Un instituto de Enseñanza Secundaria con sus centenares de alumnos feos, desgarbados, llenos de acné y de hormonas a tope es un buen estudio para hacer fotos en un tiempo de transformación. Es una belleza de un fulgor conflictivo, la adolescencia, esa época salvaje en todos los sentidos ... y que uno que es profesor ha de convertir en algo domesticado y cultural.

Pues eso, la fotografía como un abismo que se abre, sin horizonte cierto y en que solo está asegurada la caída en una hermosa y vertiginosa danza entre las tinieblas del corazón.

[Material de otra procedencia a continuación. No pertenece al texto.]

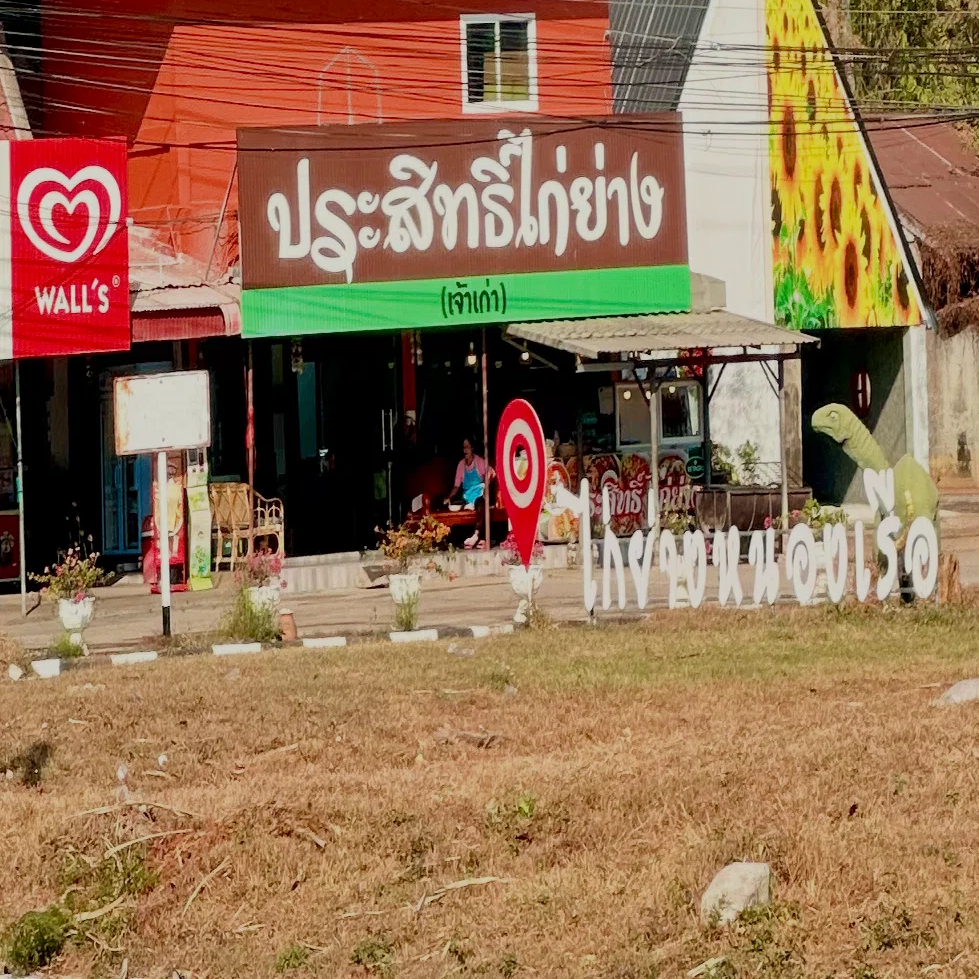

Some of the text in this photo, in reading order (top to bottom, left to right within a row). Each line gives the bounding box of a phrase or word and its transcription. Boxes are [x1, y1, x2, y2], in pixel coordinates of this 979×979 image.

[267, 128, 664, 284] ประสิทธิ์ไก่ย่าง
[35, 278, 109, 315] WALL'S
[441, 279, 506, 318] (เจ้าเก่า)

viernes, 5 de septiembre de 2014

Street Photography



Es lo mismo que “fotografía callejera” pero expresado en inglés el idioma internacional con que se comunican experiencias los fotógrafos. Yo soy uno de ellos, al menos en mi pasión por reflejar con mi pequeña cámara escenas de la vida cotidiana que tienen lugar espontáneamente en la calle. Las calles son escenario de infinitos instantes llenos de poesía que suceden delante de nosotros si estamos dispuestos a verlos. El fotógrafo de calle va con su cámara y se dedica intuitivamente a intentarlos reconocer y apresar la oportunidad que no suele volverse a repetir. Es un intruso en la realidad ajena, es un cazador que acecha observando el vaivén de las personas que no desean de entrada ser fotografiadas, que no sospechan que puedan ser objeto de interés para nadie. He ahí uno de los problemas del fotógrafo callejero. Ha de enfocar su cámara lo más discretamente posible hacia personas que tienen muy desarrollada su visión periférica e inmediatamente detectan que están siendo observadas por un objetivo. Es una centésima de segundo, quizás milésima y el clic inaudible de la cámara ha señalada la obtención de la imagen, quizás en el instante en que el fotografiado se ha dado cuenta de lo que estaba pasando. El fotógrafo callejero entonces hace exhibición de la mejor de sus sonrisas y huye. No es fácil explicar qué se está haciendo. A veces la reacción es airada, otras divertida, otras simplemente de sorpresa y perplejidad. Se entiende que este fotógrafo nunca exhibiría a nadie en una actitud ridícula o poco digna. Todo ha de ser tamizado por el buen gusto y la búsqueda de la poesía en la calle.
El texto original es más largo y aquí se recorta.